Angelo apparently shrugged wordlessly.
{Damn!} She heard Jarod curse. {We're no better off than before. We know she's within a half hour's drive of Oakhaven, but we have no idea where! Wait!} Cassandra felt the renewed hope in Jarod as he continued with his thought. {Angelo, can you find the memory of the night Lyle first kidnapped her and give it to me?} Jarod demanded.
{Angelo, No!} Cassandra protested weakly, trying vainly to erect mental barriers against Angelo's probe. {If "Mother" does not kill him, the Centre will re-capture him. Do not help him!}
Angelo radiated regret and guilt, but unerringly found the memory and fed it through to Jarod's mind.
{Cass hurt.} He defended himself sadly. {Need friends.}
Fresh tears dripped down her face as she felt Jarod's mingled relief and rising determination to find her. One more friend endangering himself for her. Her energy drained rapidly as Jarod and Angelo's presence faded from her mind and she slowly sank into blessed unconsciousness.

Back in the only other motel Oakhaven boasted, Jarod's eyes glazed as he received an overabundance of sensory information. Each and every thought and sensation Cassandra had experienced the night Lyle had first taken her raced through his mind as if it was happening directly to him. He began to mumble, trying to glean the information he needed through the handicap of Cassandra's blindness.
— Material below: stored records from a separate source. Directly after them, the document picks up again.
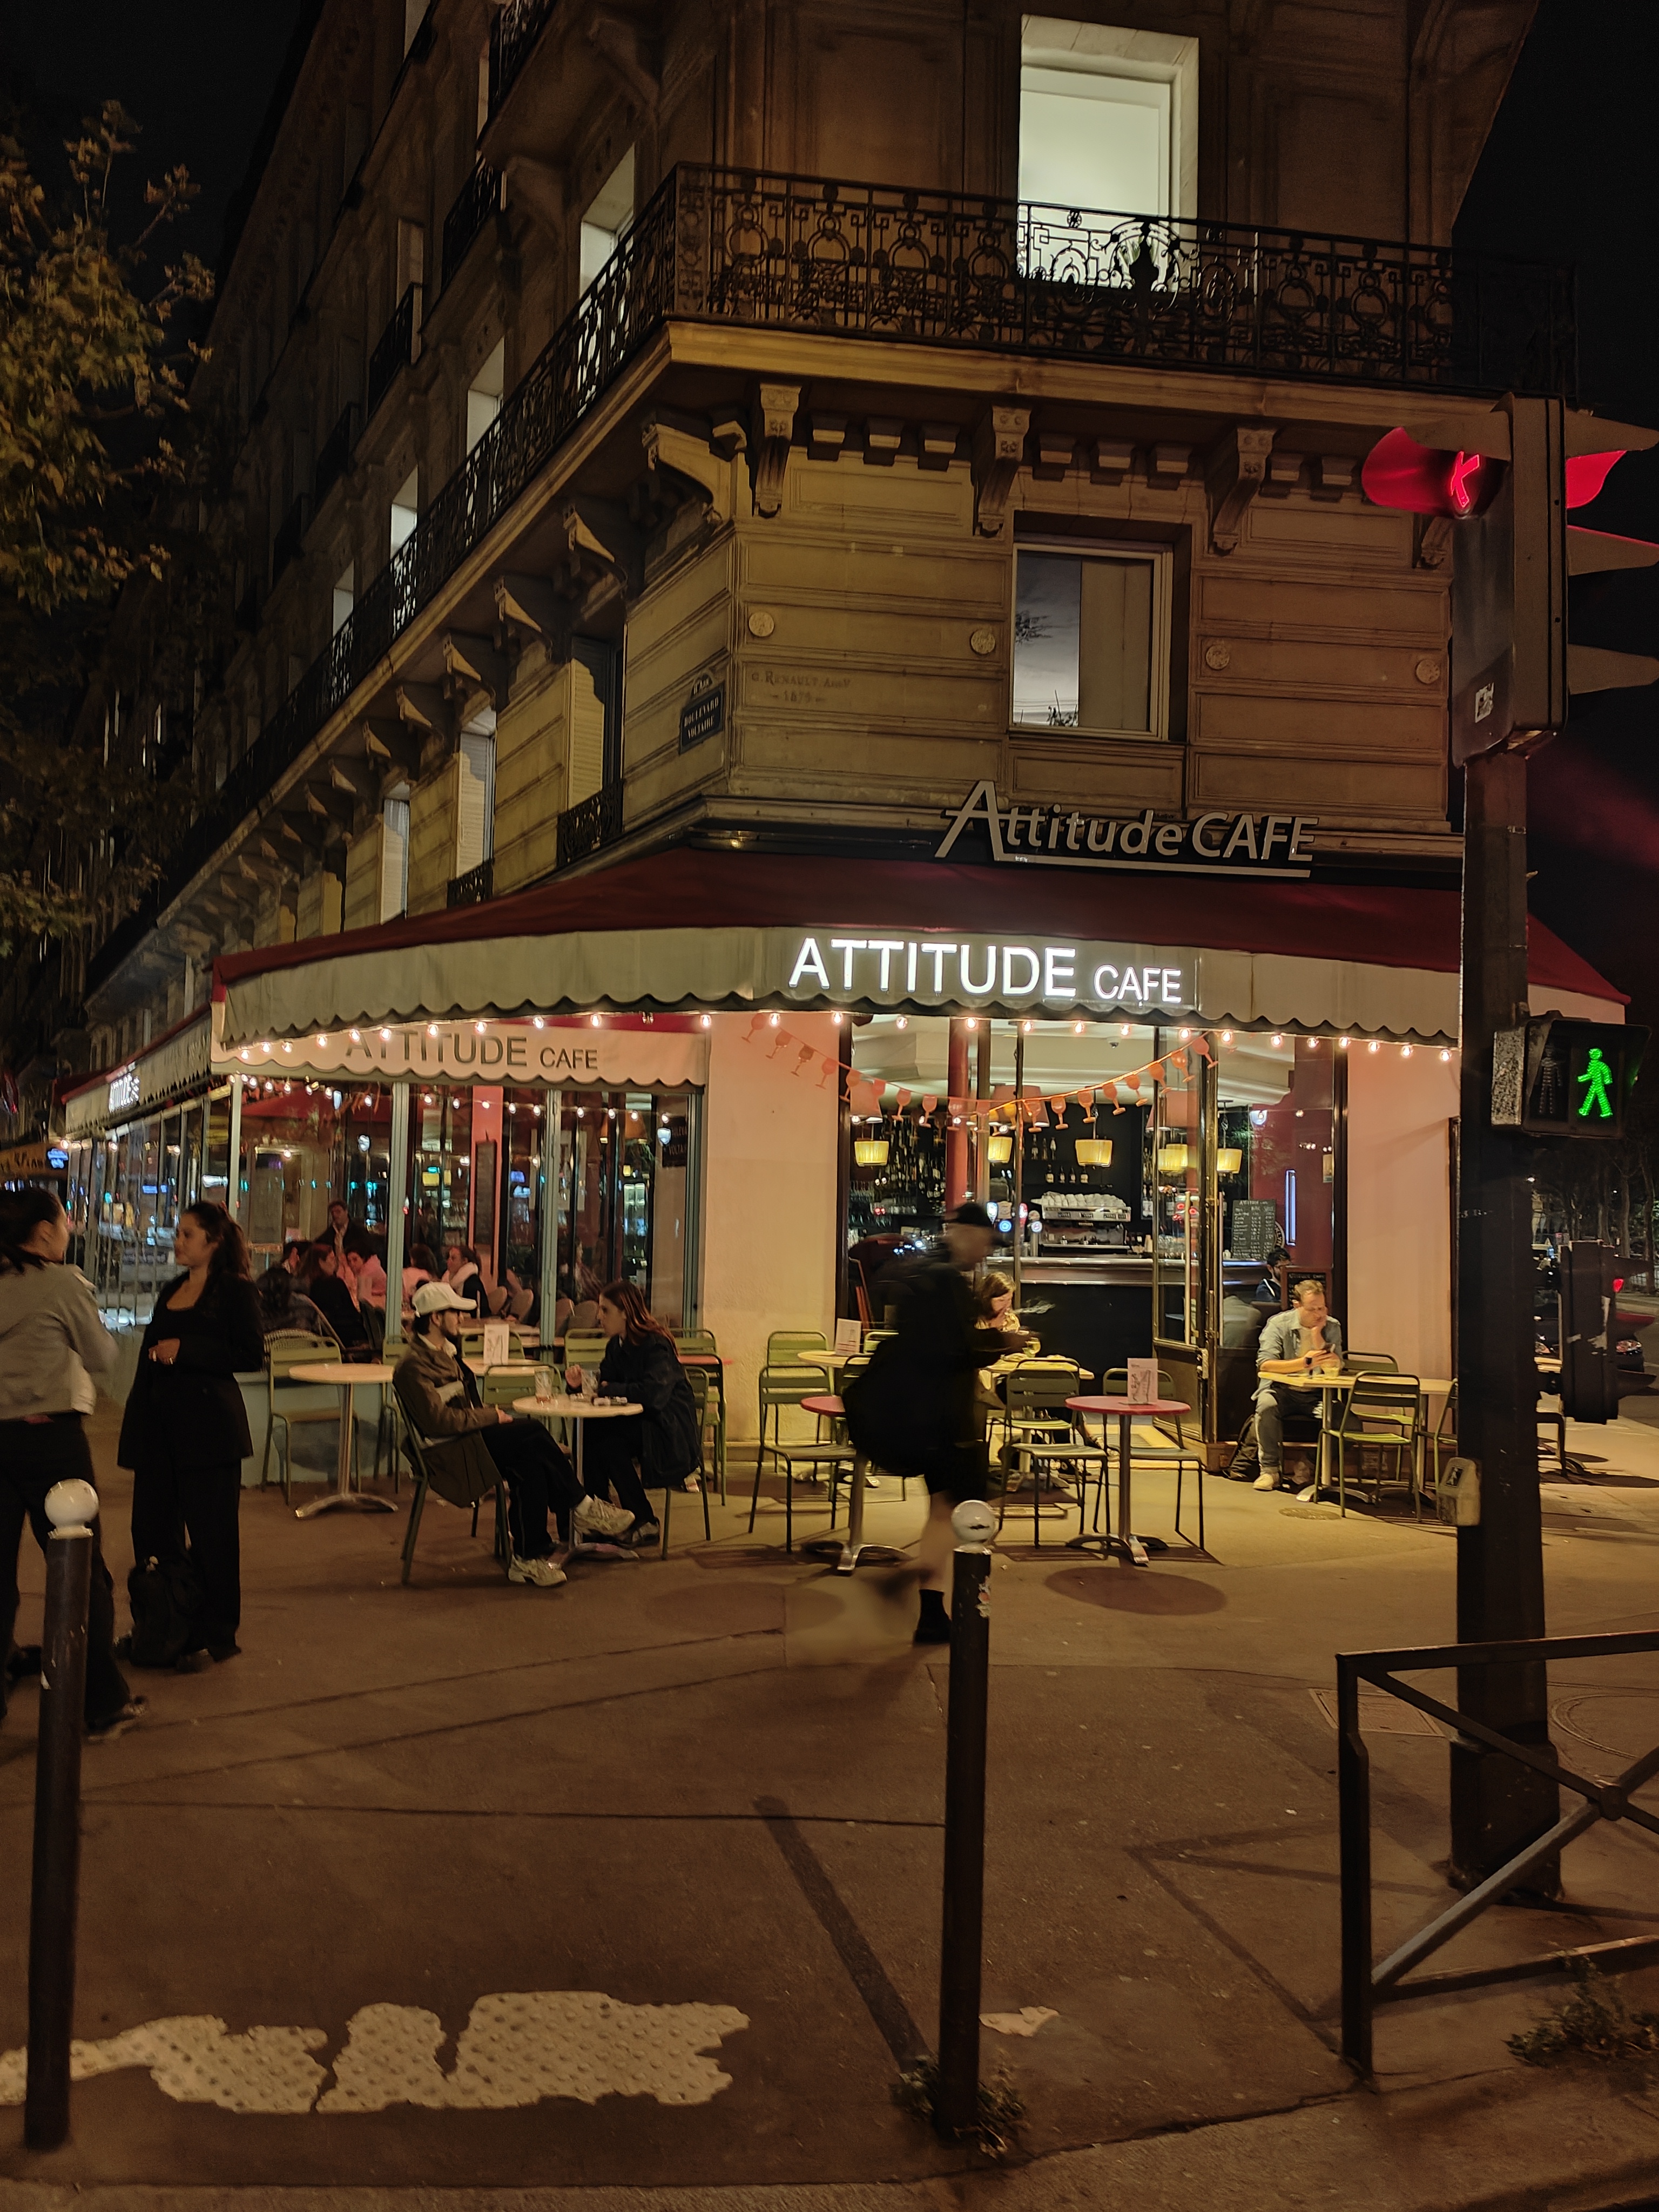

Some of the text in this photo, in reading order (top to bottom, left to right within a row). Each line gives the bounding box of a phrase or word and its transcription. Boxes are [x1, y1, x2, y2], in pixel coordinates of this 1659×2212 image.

[684, 696, 719, 727] BOULEVARD
[687, 714, 715, 739] VOLTAIRE
[935, 780, 1319, 862] Attitude CAFE
[789, 937, 1182, 1003] ATTITUDE CAFE
[346, 1030, 598, 1069] ATTITUDE CAFE
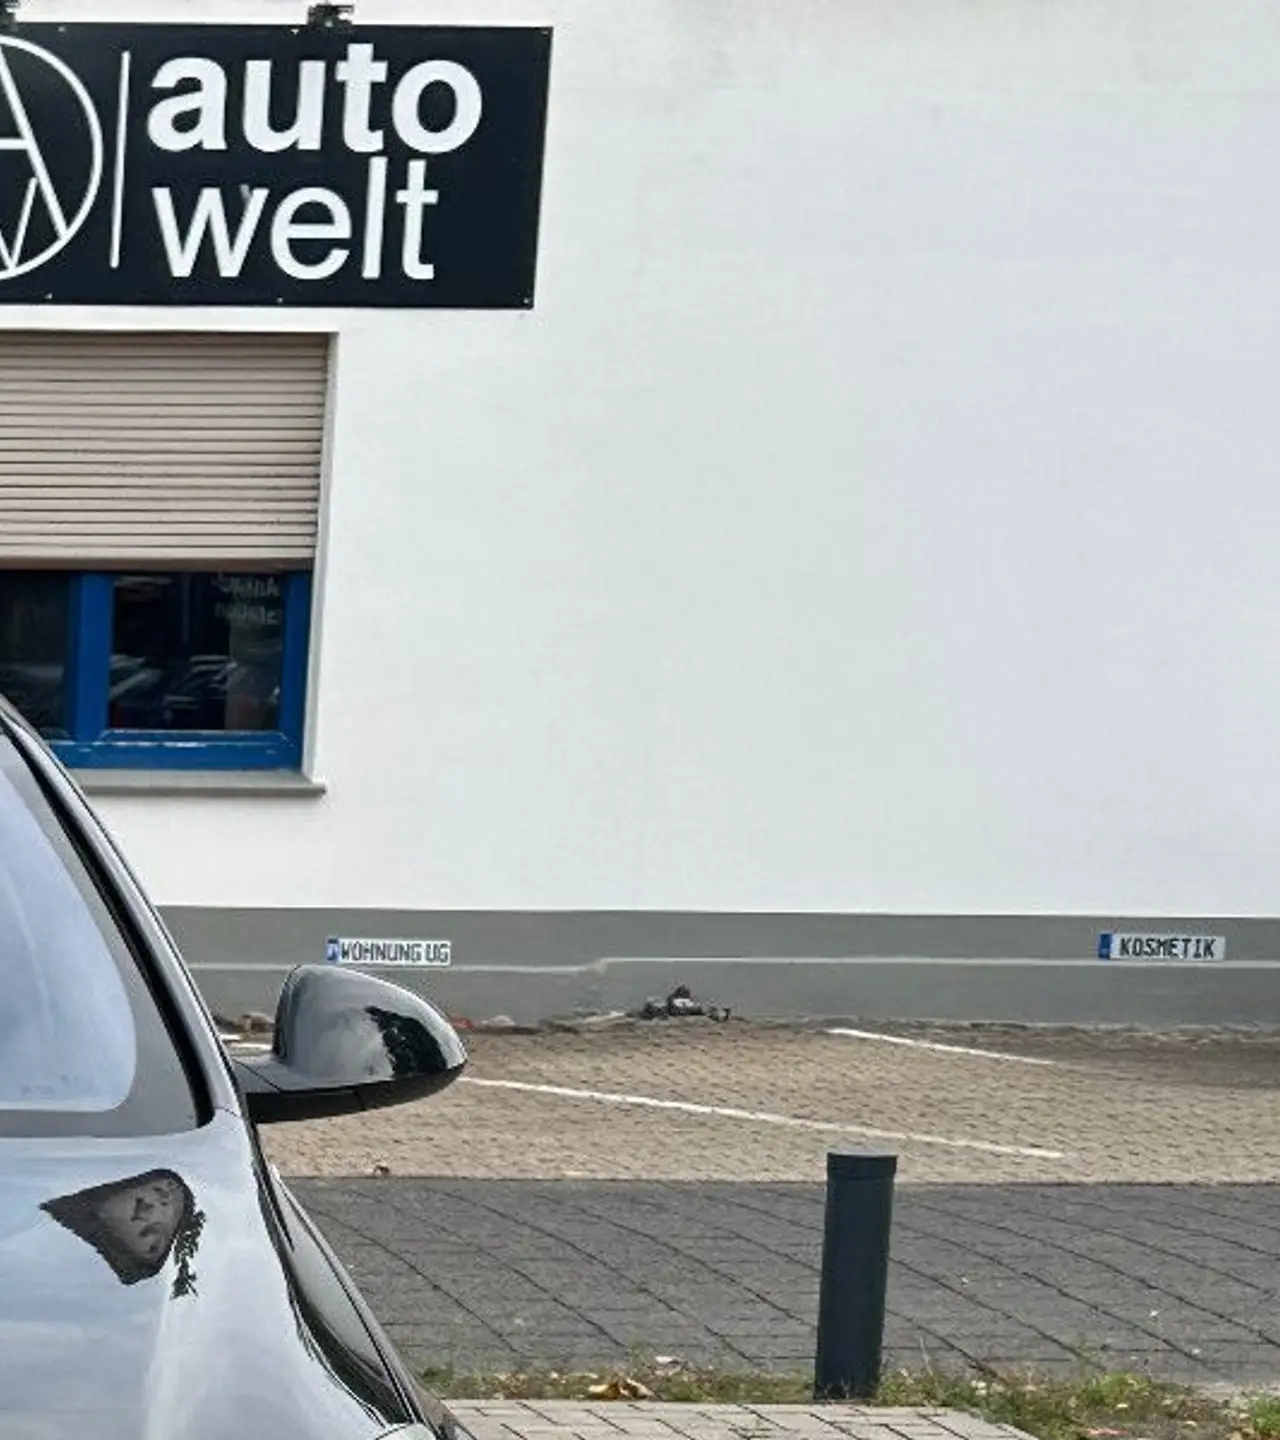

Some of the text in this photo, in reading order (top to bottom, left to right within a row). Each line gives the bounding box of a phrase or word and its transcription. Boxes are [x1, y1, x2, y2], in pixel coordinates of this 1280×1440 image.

[147, 42, 482, 154] auto
[151, 156, 439, 280] welt
[1120, 937, 1216, 959] KOSMETIK
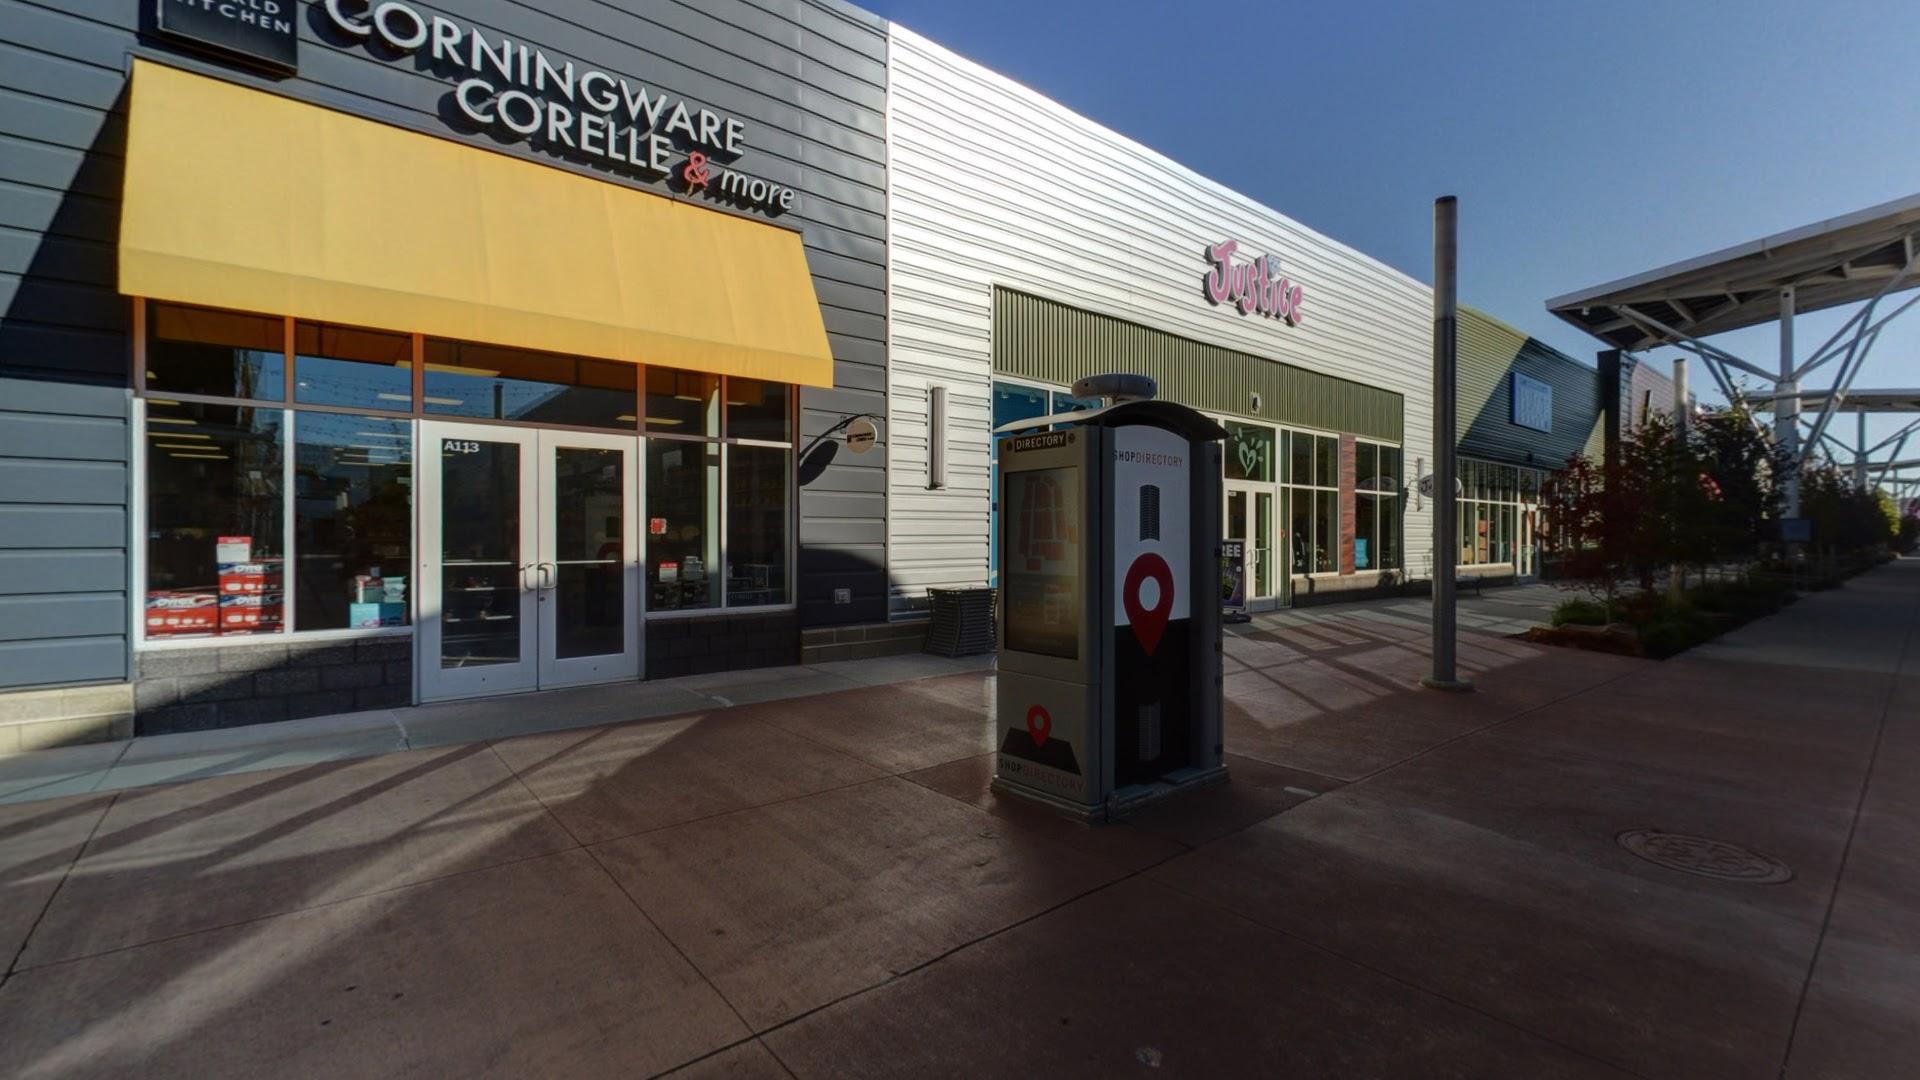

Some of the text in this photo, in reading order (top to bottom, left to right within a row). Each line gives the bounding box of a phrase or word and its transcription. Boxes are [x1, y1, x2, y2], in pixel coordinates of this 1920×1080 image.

[324, 0, 744, 156] CORNINGWARE
[455, 80, 795, 211] CORELLE & more
[1207, 239, 1303, 327] Justice
[444, 440, 480, 453] A113
[1016, 434, 1064, 449] DIRECTORY
"Lyle is excited, wildly so, on the line of not quite sane. What else is new? Smug, he's pleased with himself---this'll show those Centre bastards." He muttered, eyes darting beneath closed lids. He surfaced, fighting to regain his thoughts every step of the way.
"Need help." Angelo told Jarod as the other man opened his mouth to say the same thing.
"Yes." He grinned at Angelo. "But how do I get it without enjoying Centre hospitality again?" He mused.
"Miss Parker?" Angelo suggested hopefully.
"She's our best chance." Jarod agreed, pulling out his cellular phone from his hip pocket. He hit the speed dial with Parker's cell number on it, and waited for her characteristic;
"What?!" Her voice was as sharp and caustic as ever, but there was an undertone of fuzziness to it that made Jarod's brows draw together in a worried frown.
"Maybe I shouldn't bother you right now." He changed his mind quickly. "You should be resting. You could have died from that bullet."
"Don't start getting soft on me now, Jarod." Parker sighed tiredly. "Just tell me your little tidbit and I'll decide if I feel like following up on it."
"I was going to ask for your help." Jarods voice was uncharacteristically uncertain. "I might be able to find out where Cassandra has been taken."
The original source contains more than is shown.